SOMETHING THAT BREAKS THE MOLD: NEARING-DEATH AWARENESS
When I started my work in hospice, almost 15 years ago now, the phenomena of Near Death Awareness (NDA) fascinated me. Not because I didn’t believe it happened. I certainly did. But to work in a field where it happens repeatedly and across all boundaries of identity had me convinced early on that this was a universal human phenomena and symptom of dying like pain or shortness of breath. It was a part of the constellation of healthcare issues a person could have at the end of life.

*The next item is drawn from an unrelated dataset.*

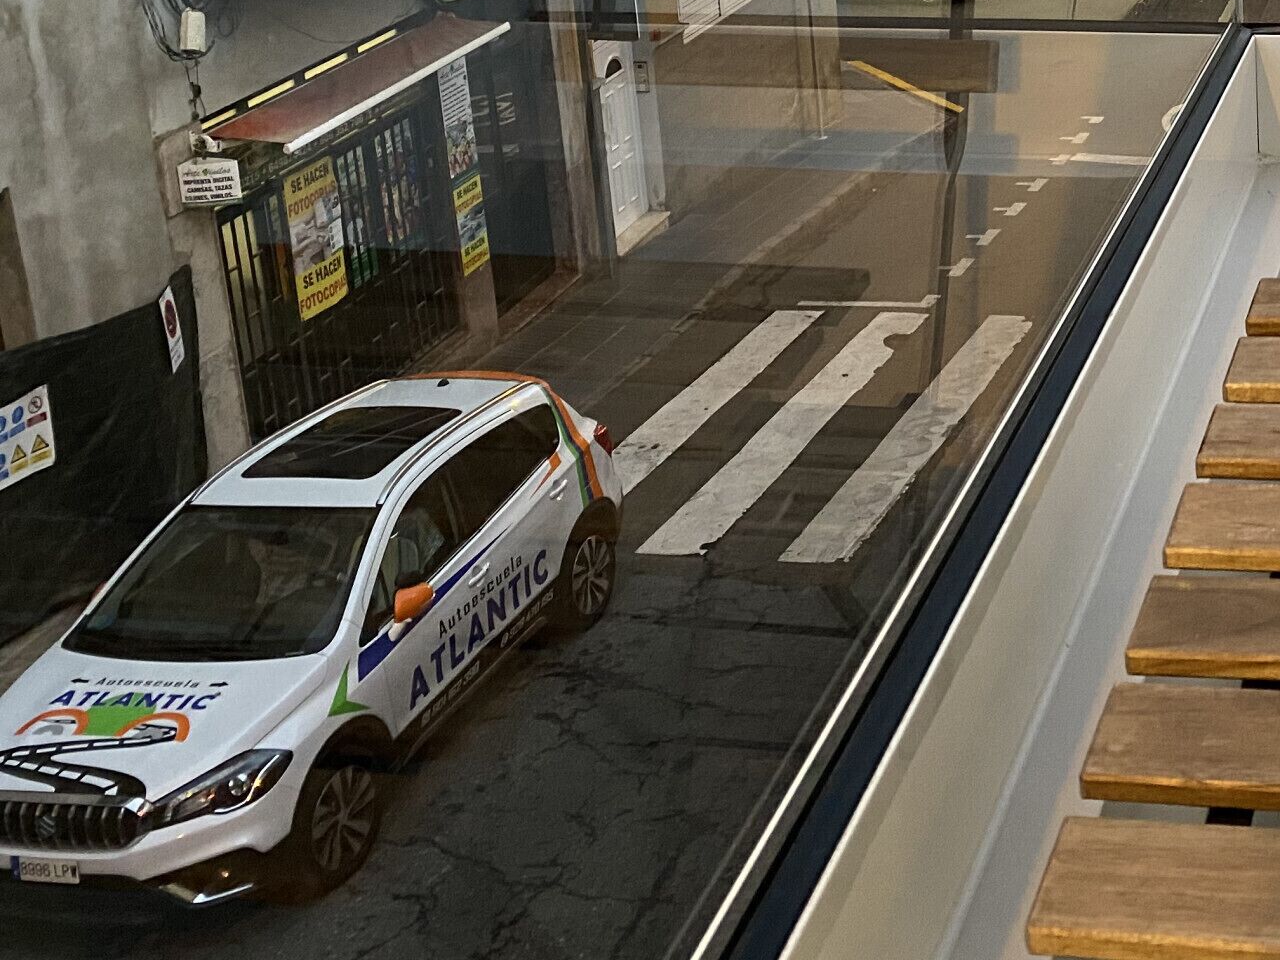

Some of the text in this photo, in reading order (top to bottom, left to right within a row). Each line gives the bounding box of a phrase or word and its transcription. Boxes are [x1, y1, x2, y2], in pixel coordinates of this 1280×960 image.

I started to notice, however, that families often had a hard time wrapping their heads around it. Especially if that family was religious, and even more especially if that family’s religion was hostile to the idea of spirits. As one example, within Protestant Christianity, the only accepted spirits are the Trinity, a few angels and Jesus. Everyone else is pretty much a demon or an agent of the Devil. So in that spiritual framework, there is no room for the Dead coming back to guide anyone to their next life, whatever they believe that to be. Over the years, I started doing work as a chaplain to help families understand the difference between religious belief and doctrine, and what is a human, spiritual condition that exists and occurs independent of religion.
This became so pressing for me that I decided to get my doctorate in counseling and focused on this in my dissertation. NDAs are understood to be a part of the larger phenomena of Near Death Experiences, like people seeing lights at the end of the tunnel and then being thrust back into their bodies in the ER. I studied scientific research and theories on these things as well, and discovered that science as a discipline is deeply challenged by these NDAs and NDEs because science and medicine INSIST that brain function is the only measure of aliveness. There is a subtle fundamentalism in certain areas of science that refuse to consider that human consciousness may be more than synapses firing in the brain. Stories about of individuals who were certifiably dead, often for several minutes beyond what is considered humanly possible to live, coming back. Not only do people come back, but they recall minute details of things going on around them that are not logically possible.
Do I think a day will come where we will understand NDAs and NDEs fully? Yes, I do. But I think when that happens, both science/medicine and religion will have to re-evaluate their assumptions and what they know to be true. They will come to understand that both of them cannot completely capture the complexities of the spirituality of being human without having a dialogue to grasp the pieces of the puzzle they both hold.
What I have been taught by dying patients and their families is that NDAs give patients the opportunity to prepare themselves for what’s next. But also, sometimes, the NDAs also give that dying person the opportunity for healing and resolution. I had an African American patient who was cared for by her daughter. I had visited them several times. In what I did not know would be our last visit, I walked in the sounds of the patient arguing with someone. I asked the daughter who her mom was yelling at. The daughter told me that her mom was arguing with her deceased mother, who had been coming to the patient over a few days. She said that her mother was molested as a girl and her mother knew but did nothing about it. So when her mother came in the spirit, she came to not only apologize to her daughter for failing her as a mother, but also to help her daughter let go of everything she had been carrying in her life related to that, so the patient would be lighter when she left this world.
I was stunned! I had known many people with NDAs. But this was the first one I heard of where it was clear that working was being done between the living and the dead to ease the emotional burdens of the dying process. This family taught me that sometimes it’s never too late, and our ancestors can play a huge role in making sure we die a good death. This is something I hope we all experience when our time comes too.